--- Input for this task ---

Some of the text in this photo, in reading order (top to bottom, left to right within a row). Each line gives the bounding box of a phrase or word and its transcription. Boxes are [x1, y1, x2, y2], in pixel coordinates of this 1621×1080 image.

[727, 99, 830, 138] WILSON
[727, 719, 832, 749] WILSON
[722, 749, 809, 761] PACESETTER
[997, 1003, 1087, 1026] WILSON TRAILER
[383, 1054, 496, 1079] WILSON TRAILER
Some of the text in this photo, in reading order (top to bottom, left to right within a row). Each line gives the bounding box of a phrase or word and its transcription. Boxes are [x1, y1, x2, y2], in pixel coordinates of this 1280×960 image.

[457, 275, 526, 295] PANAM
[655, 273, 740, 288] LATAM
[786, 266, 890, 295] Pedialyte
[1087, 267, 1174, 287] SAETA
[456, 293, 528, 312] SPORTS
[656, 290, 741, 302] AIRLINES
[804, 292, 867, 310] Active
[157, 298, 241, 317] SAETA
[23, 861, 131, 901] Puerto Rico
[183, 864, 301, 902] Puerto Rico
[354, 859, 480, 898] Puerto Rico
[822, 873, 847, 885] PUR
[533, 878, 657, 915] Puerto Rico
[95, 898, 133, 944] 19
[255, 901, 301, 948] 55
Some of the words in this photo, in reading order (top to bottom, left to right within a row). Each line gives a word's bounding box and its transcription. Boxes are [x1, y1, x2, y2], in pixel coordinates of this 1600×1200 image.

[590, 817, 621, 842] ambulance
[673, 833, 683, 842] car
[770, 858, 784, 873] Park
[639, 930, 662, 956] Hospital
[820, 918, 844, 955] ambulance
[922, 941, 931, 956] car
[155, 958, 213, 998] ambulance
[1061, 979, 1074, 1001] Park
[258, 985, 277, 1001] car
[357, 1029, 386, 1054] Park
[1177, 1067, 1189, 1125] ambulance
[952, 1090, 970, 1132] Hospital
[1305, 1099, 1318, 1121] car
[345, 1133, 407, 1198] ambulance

---

**The problem:**
Repeat all of the data shown above, exactly as it appears.

**Exercise response:**
Some of the text in this photo, in reading order (top to bottom, left to right within a row). Each line gives the bounding box of a phrase or word and its transcription. Boxes are [x1, y1, x2, y2], in pixel coordinates of this 1621×1080 image.

[727, 99, 830, 138] WILSON
[727, 719, 832, 749] WILSON
[722, 749, 809, 761] PACESETTER
[997, 1003, 1087, 1026] WILSON TRAILER
[383, 1054, 496, 1079] WILSON TRAILER
Some of the text in this photo, in reading order (top to bottom, left to right within a row). Each line gives the bounding box of a phrase or word and its transcription. Boxes are [x1, y1, x2, y2], in pixel coordinates of this 1280×960 image.

[457, 275, 526, 295] PANAM
[655, 273, 740, 288] LATAM
[786, 266, 890, 295] Pedialyte
[1087, 267, 1174, 287] SAETA
[456, 293, 528, 312] SPORTS
[656, 290, 741, 302] AIRLINES
[804, 292, 867, 310] Active
[157, 298, 241, 317] SAETA
[23, 861, 131, 901] Puerto Rico
[183, 864, 301, 902] Puerto Rico
[354, 859, 480, 898] Puerto Rico
[822, 873, 847, 885] PUR
[533, 878, 657, 915] Puerto Rico
[95, 898, 133, 944] 19
[255, 901, 301, 948] 55
Some of the words in this photo, in reading order (top to bottom, left to right within a row). Each line gives a word's bounding box and its transcription. Boxes are [x1, y1, x2, y2], in pixel coordinates of this 1600×1200 image.

[590, 817, 621, 842] ambulance
[673, 833, 683, 842] car
[770, 858, 784, 873] Park
[639, 930, 662, 956] Hospital
[820, 918, 844, 955] ambulance
[922, 941, 931, 956] car
[155, 958, 213, 998] ambulance
[1061, 979, 1074, 1001] Park
[258, 985, 277, 1001] car
[357, 1029, 386, 1054] Park
[1177, 1067, 1189, 1125] ambulance
[952, 1090, 970, 1132] Hospital
[1305, 1099, 1318, 1121] car
[345, 1133, 407, 1198] ambulance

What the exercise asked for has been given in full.